Mais il y a des constantes, tout aussi durables. Par exemple le regard porté sur la communauté des pygmées Baaka par Fred, l’un des animateurs de l’émission de France 3, vaut son pesant de Sapelli : « Ils n’ont d’ailleurs pas la notion du temps [...] Qu’est-ce qu’ils sont habiles en plus ! Ils marchent pieds nus tout le temps, voient des choses que nous on ne peut absolument pas voir et montent aux arbres avec facilité. Tout leur paraît simple, ils connaissent la forêt sur le bout des doigts, c’est très surprenant. ». Quelle surprise en effet, ils n’ont même pas attendu qu’on vienne les instruire sur l’intérêt du bois !
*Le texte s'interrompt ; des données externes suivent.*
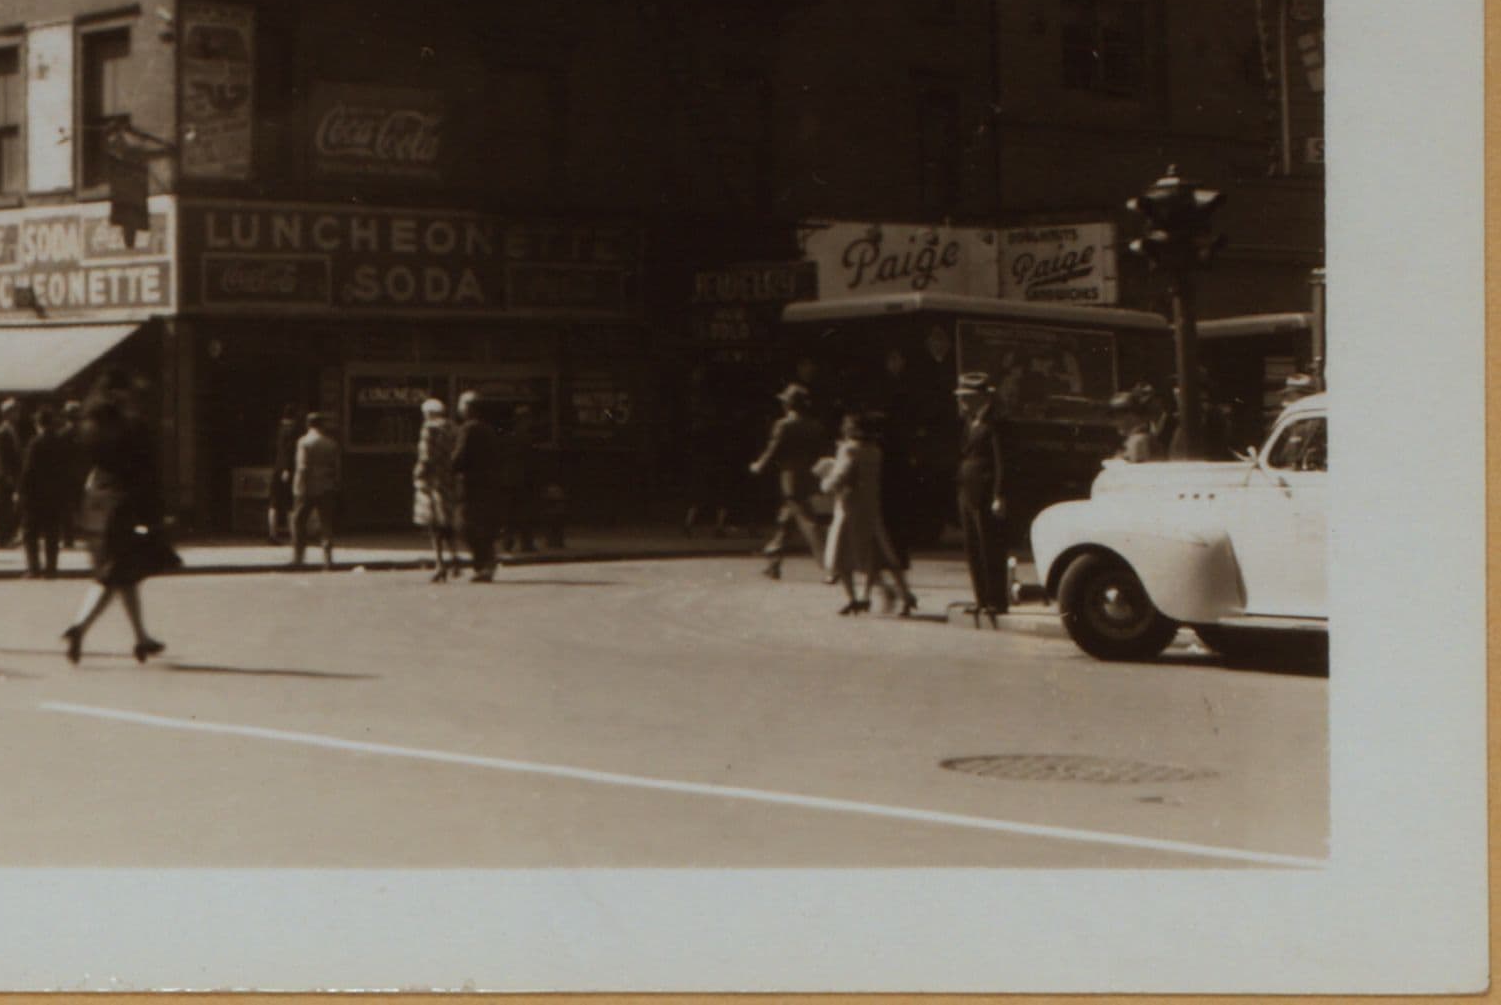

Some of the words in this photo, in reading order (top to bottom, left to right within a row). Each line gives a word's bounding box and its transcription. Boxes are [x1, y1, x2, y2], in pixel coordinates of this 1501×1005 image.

[19, 222, 81, 264] SODA
[204, 211, 624, 263] LUNCHEONETTE
[352, 264, 486, 303] SODA
[841, 236, 960, 291] Paige
[1011, 243, 1096, 285] Paige
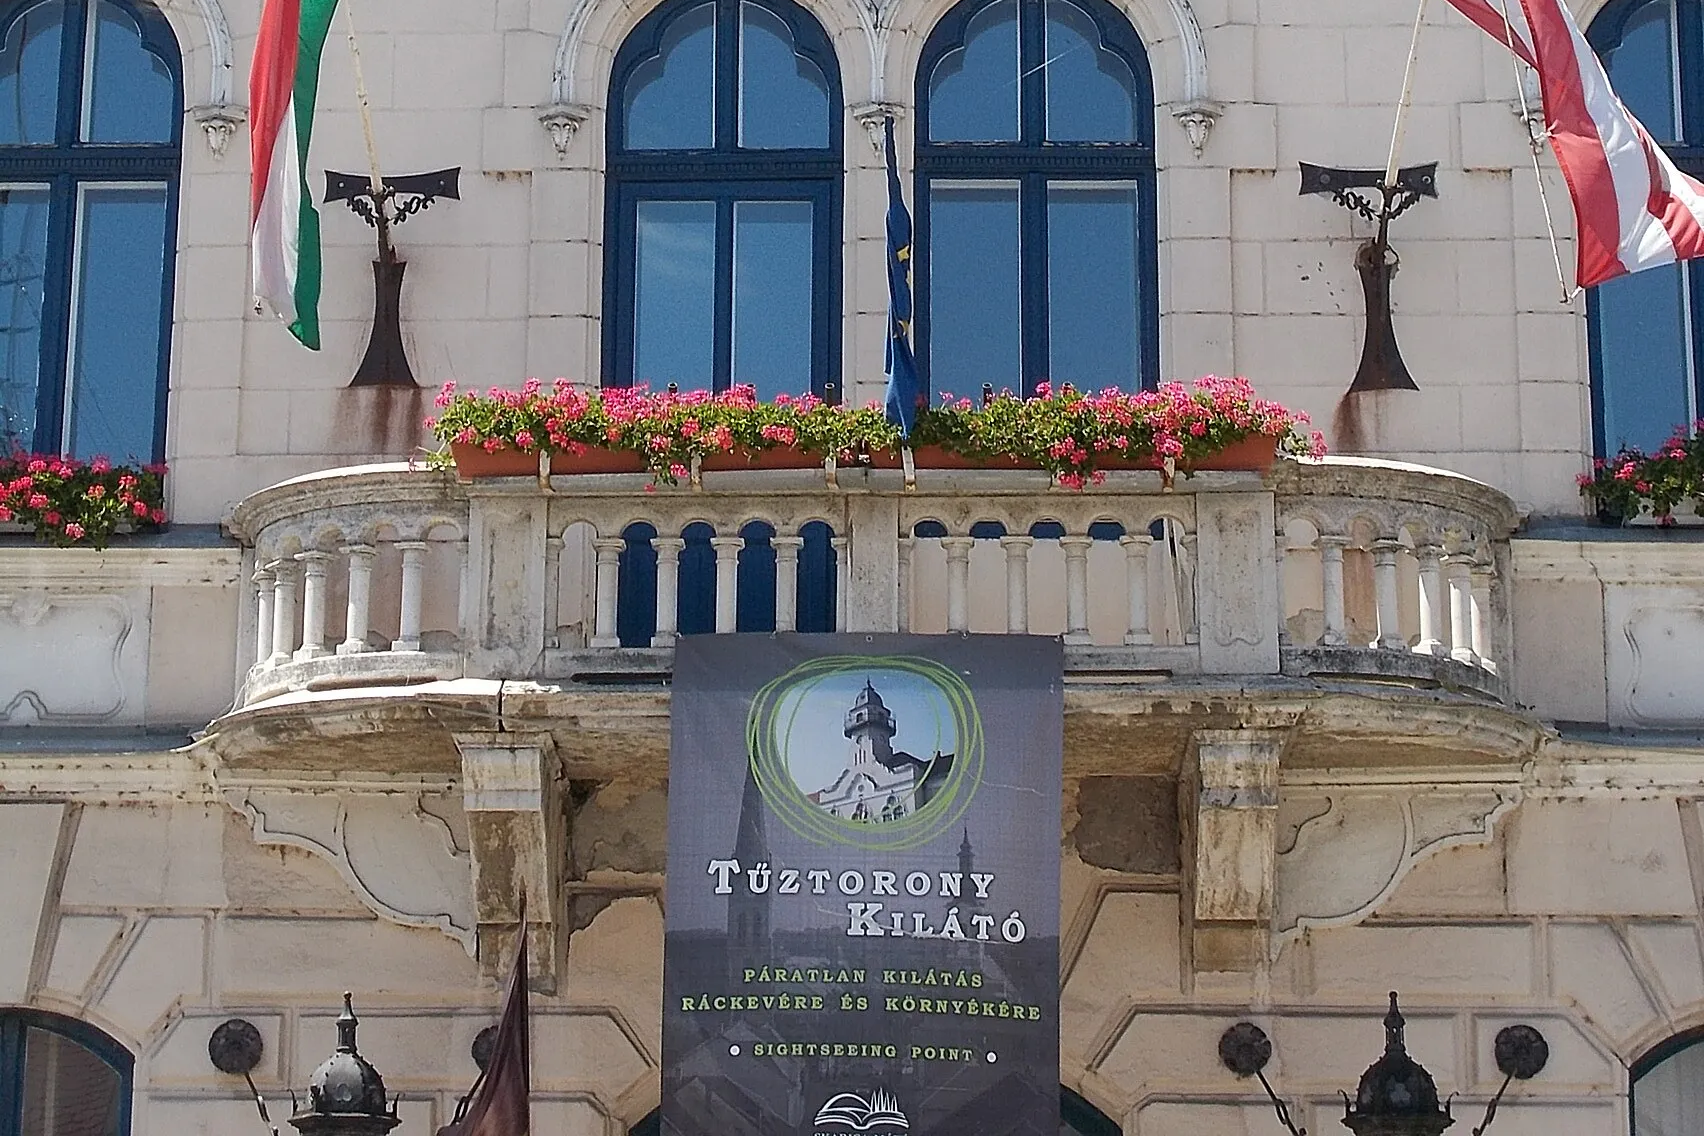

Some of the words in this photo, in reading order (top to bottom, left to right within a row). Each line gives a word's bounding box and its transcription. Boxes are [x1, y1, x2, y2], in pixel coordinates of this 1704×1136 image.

Du bonheur de manier la tronçonneuse
Mais il faudra bien pourtant leur apprendre à se passer de leur forêt. Fred insiste : « Il y a une chose qui est essentielle et qu’il faut dire, parce que j’ai l’impression que les gens ont du mal à comprendre ça, il est important d’exploiter cette forêt parce c’est la deuxième ressource pour les populations du pays après le pétrole. Les discours qui consistent à dire “il faut mettre cette forêt sous cloche”, tenu par des gens qui vivent richement dans nos pays occidentaux, sont totalement déplacés et manquent de respect pour ces populations ». C’est vrai enfin, priver les Congolais du bonheur de manier la tronçonneuse et conduire des grumiers pour un salaire mirifique qui doit bien atteindre les 80 euros mensuels, c’est manquer de reconnaissance pour les malheureux dirigeants et actionnaires qui se dévouent en touchant leurs pauvres rémunérations et dividendes.